Alas, poor Hitchens. I knew him. We all knew him, in a way we rarely come to know other journalists and pundits. I’d also met him, but that doesn’t give me special standing.* He met thousands of people, and they will all lay claim to a piece of Hitchens.

Even when he went off the rails about the existential threat from a homicidal sliver of Islam, or when he pointlessly betrayed a comrade in the service of his boundless animus toward the Clintons, he was interesting to read and even more fascinating to listen to—those long, sinuous sentences that came rumbling out of his belly. Anyone who has as many strong opinions as he had is bound to be wrong a certain percentage of the time. That wasn’t a problem.

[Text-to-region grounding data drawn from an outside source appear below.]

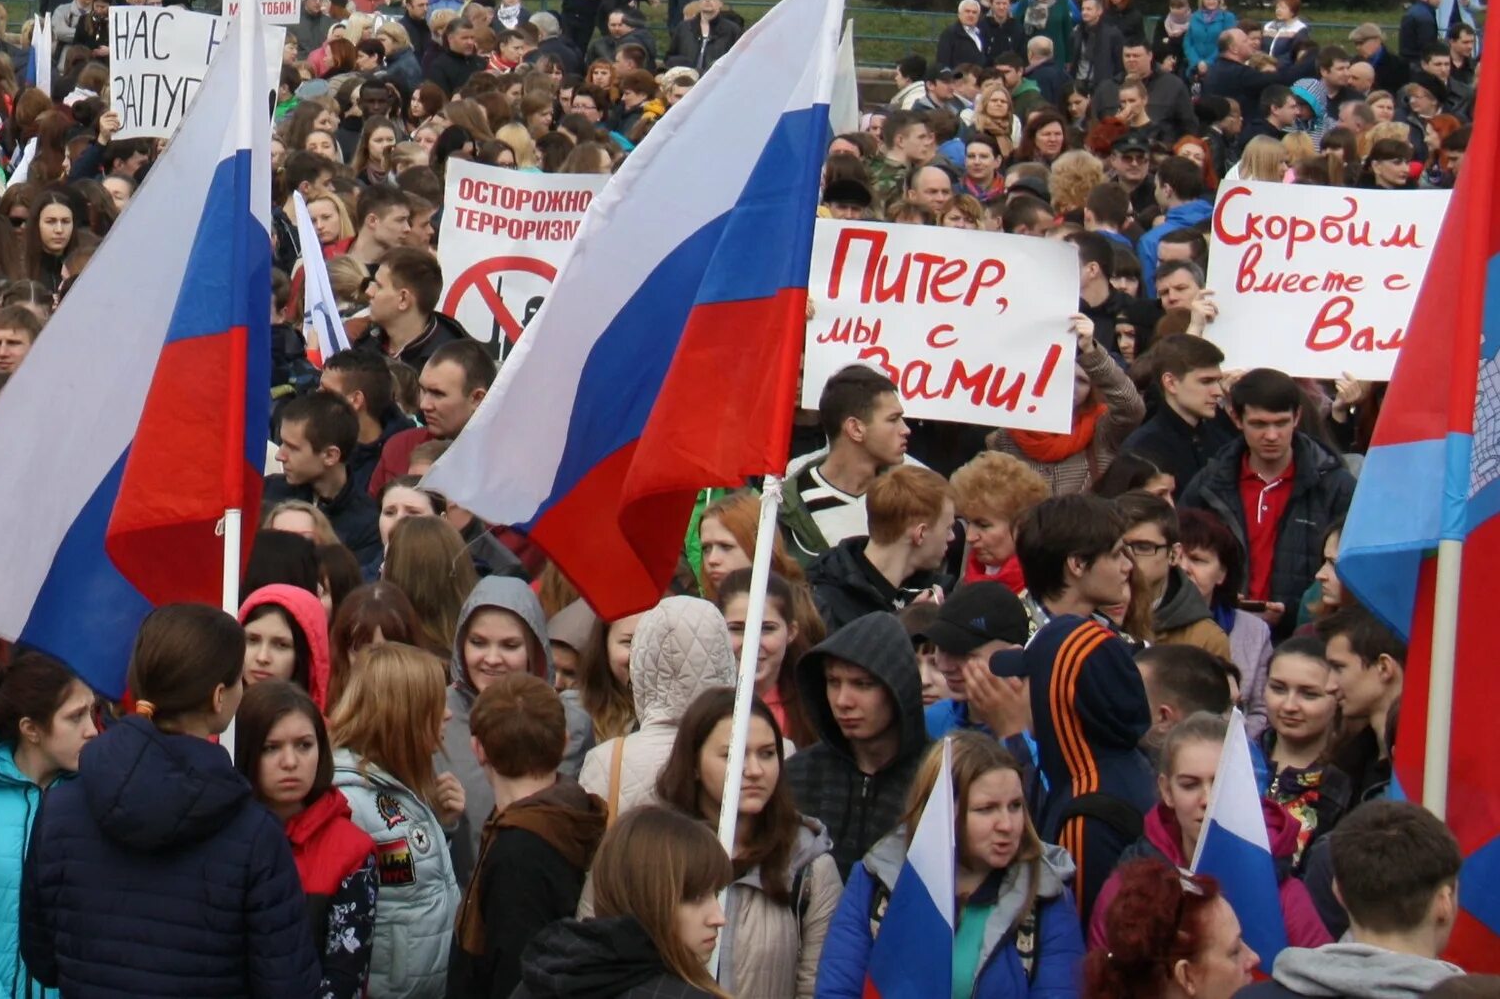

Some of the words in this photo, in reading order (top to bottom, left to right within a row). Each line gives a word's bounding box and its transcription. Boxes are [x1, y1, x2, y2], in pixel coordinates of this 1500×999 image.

[114, 11, 175, 61] НАС
[458, 177, 594, 213] ОСТОРОЖНО
[1213, 186, 1426, 260] Скорбим
[827, 228, 1009, 314] Питер,
[1235, 243, 1365, 293] вместе
[1383, 274, 1411, 291] с
[816, 316, 882, 345] мы
[926, 323, 959, 349] с
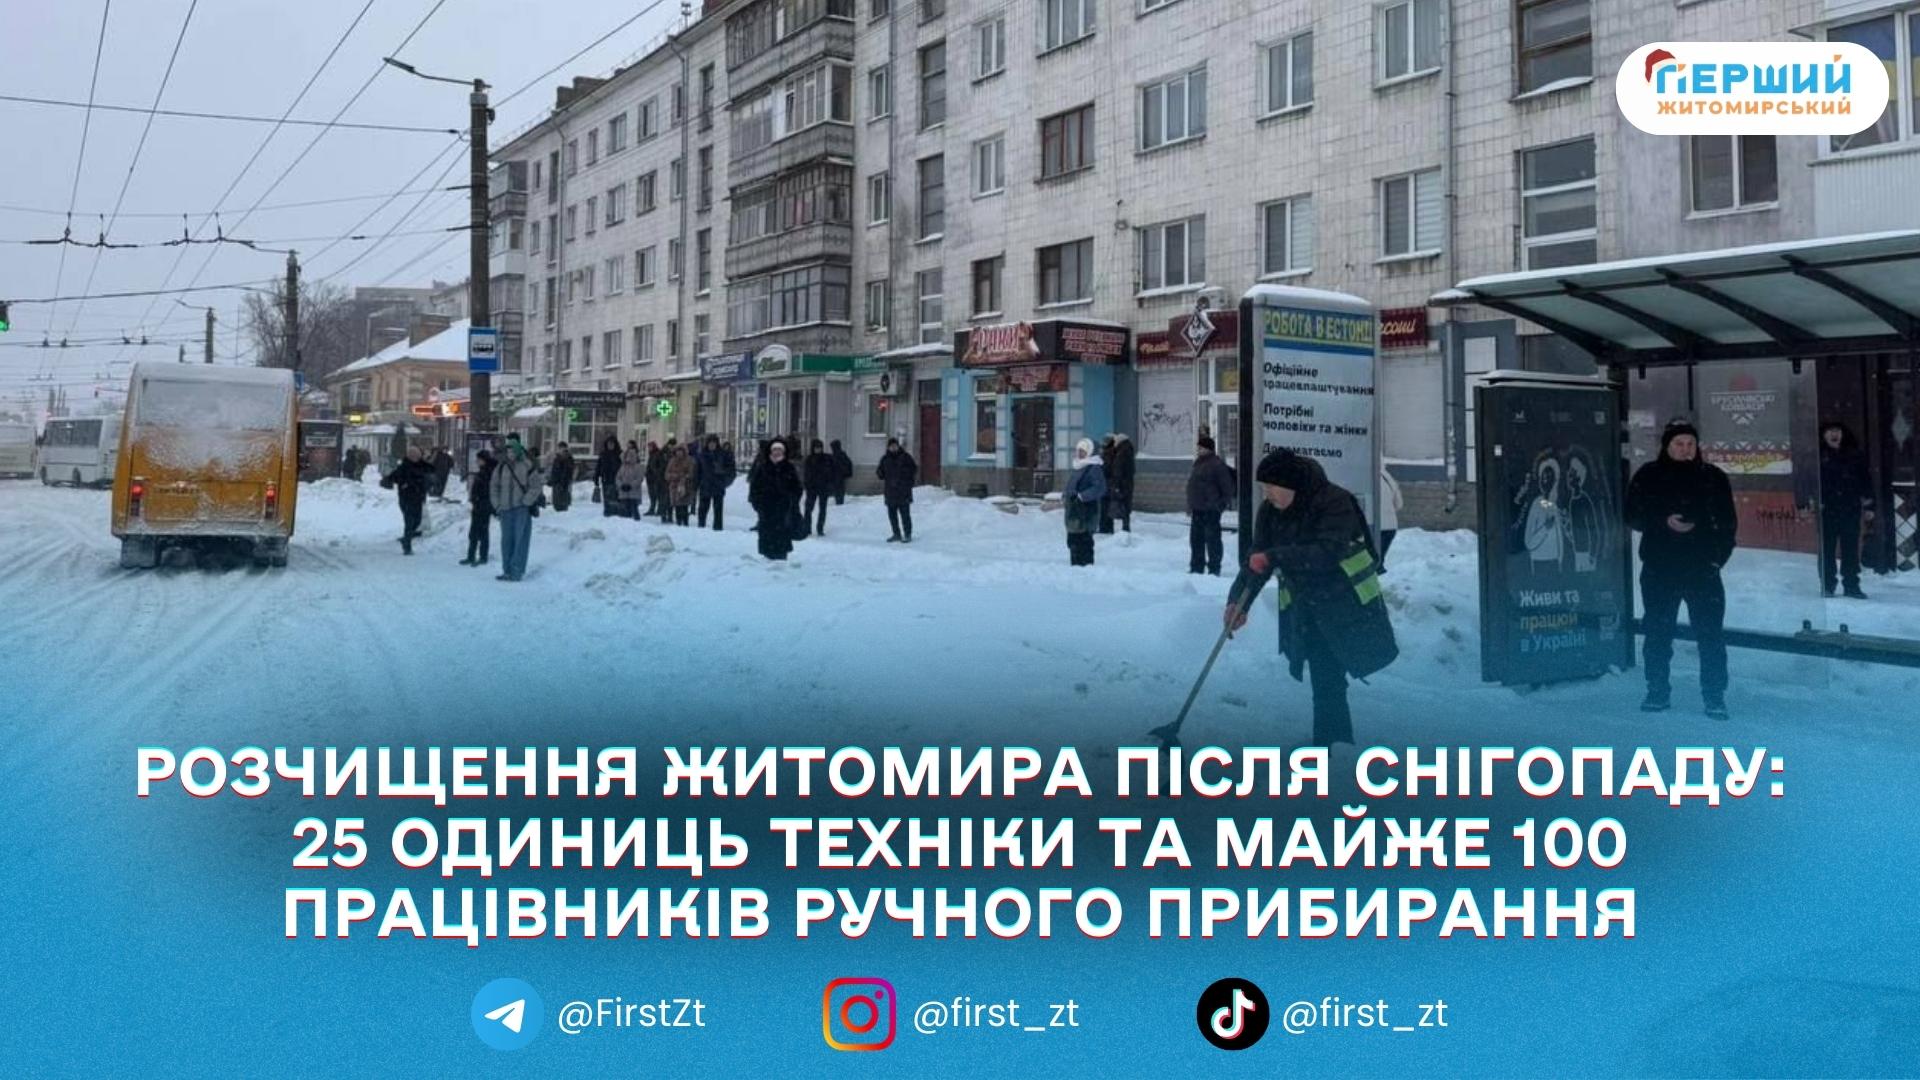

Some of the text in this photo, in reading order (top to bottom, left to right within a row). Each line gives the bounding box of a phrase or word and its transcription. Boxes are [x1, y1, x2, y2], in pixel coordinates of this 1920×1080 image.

The problem, I think, was that he was, first and foremost, a debater, with a debater’s ability to store up phrases and facts as potential weapons, marshall them smartly at the appropriate time, and destroy one’s interlocutor; not just best them—turn them into a spluttering mass of pathetic jelly. This tended to manicheanize his thinking, which made for a bracing spectacle, but could leave one hungering for gray shades, and lots of them.

The funny thing was, he seemed genuinely to like people, and the people he tussled with most ferociously seemed to like him back. He was a boozer with a boozer’s bonhomie, but I think it went beyond than that. Many commentators have noted his increasing tendency to personalize the big issues of the day, and there is likely a deep psychology of personal loss and a need to belong-without-belonging that helps explain this. While he was not the ideal poster boy for atheism (but then, who is?), he certainly went at it with gusto and élan.

For better or worse, Hitch was a man of words, and his death had unleashed a good-sized torrent of them. Slate, in particular, has put out a veritable flood of encomia and remembrances. He comes off very well, indeed, in his last journalistic home (why am I leaving out Vanity Fair? says something about me …). Gary Kamiya at Salon is more balanced; Dave Zirin in The Nation has a rather shocking tale to tell. I think the assessment that best reflects my own feelings is Katha Pollitt’s. At the end, she asks the same question my wife and I had mulled over together: will he be read in fifty years? We three think it unlikely. But he certainly affected us, now.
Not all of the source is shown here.